Com as desventuras em série envolvendo Bolsonaro, a dúvida em Brasília, em São Paulo e no Rio não é mais se ele será considerado inelegível pela Justiça, mas se além disso também será preso. Nesta semana, a sua sucessão foi debatida publicamente por dois dos seus maiores aliados.
“Ele jogou fora a possibilidade de reeleição? Sem dúvida. Outro nome de direita como Romeu Zema, Tarcísio de Freitas ou Ratinho Jr. vai desperdiçar essa chance e errar tanto? Então, talvez Bolsonaro seja melhor cabo eleitoral do que candidato”, disse Arthur Lira a O Globo.
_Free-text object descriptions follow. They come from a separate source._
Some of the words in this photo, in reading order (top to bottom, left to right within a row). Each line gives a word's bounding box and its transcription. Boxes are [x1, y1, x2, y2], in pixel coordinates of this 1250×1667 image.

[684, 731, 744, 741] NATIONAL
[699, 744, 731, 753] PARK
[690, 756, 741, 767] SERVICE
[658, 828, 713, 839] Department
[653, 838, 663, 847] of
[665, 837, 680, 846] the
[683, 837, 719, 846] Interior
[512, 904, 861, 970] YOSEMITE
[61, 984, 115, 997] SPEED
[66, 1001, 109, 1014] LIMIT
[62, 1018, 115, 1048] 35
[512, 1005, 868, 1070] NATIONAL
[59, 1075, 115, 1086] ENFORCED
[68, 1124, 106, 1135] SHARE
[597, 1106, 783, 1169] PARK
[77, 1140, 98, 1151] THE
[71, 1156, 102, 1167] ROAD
DISSE COSTA NETO – Em entrevista ao Valor, o presidente do partido de Bolsonaro, Valdemar da Costa Neto, foi explícito:
Valor: Flávio (o filho primogênito) é o herdeiro político do Bolsonaro?
Valdemar: Se acontecer alguma coisa com o Bolsonaro, Flávio pode ser candidato a presidente. Ele tem que ir bem lá [no Rio]. O Eduardo Bolsonaro é bom também. Um é diferente do outro. O Eduardo é o cara do batente, o Flávio é mais cabeça. E tem o Tarcísio em São Paulo, que é um fenômeno.
Valor: Mas ele não é do PL…
Valdemar: Não é, mas amanhã pode ser.
Governador de São Paulo sem nunca ter morado no estado, Tarcísio tem uma avenida aberta à sua frente. Um dia se comporta como um hidrófobo e anuncia a mudança do nome da estação de metrô Paulo Freire. Noutro, age com sensatez. Esteve na comitiva de governadores que visitou o Supremo Tribunal Federal depois da invasão golpista de 8 de janeiro, participou com Lula da visita aos desabrigados do litoral paulista e anunciou apoio à proposta de reforma tributária.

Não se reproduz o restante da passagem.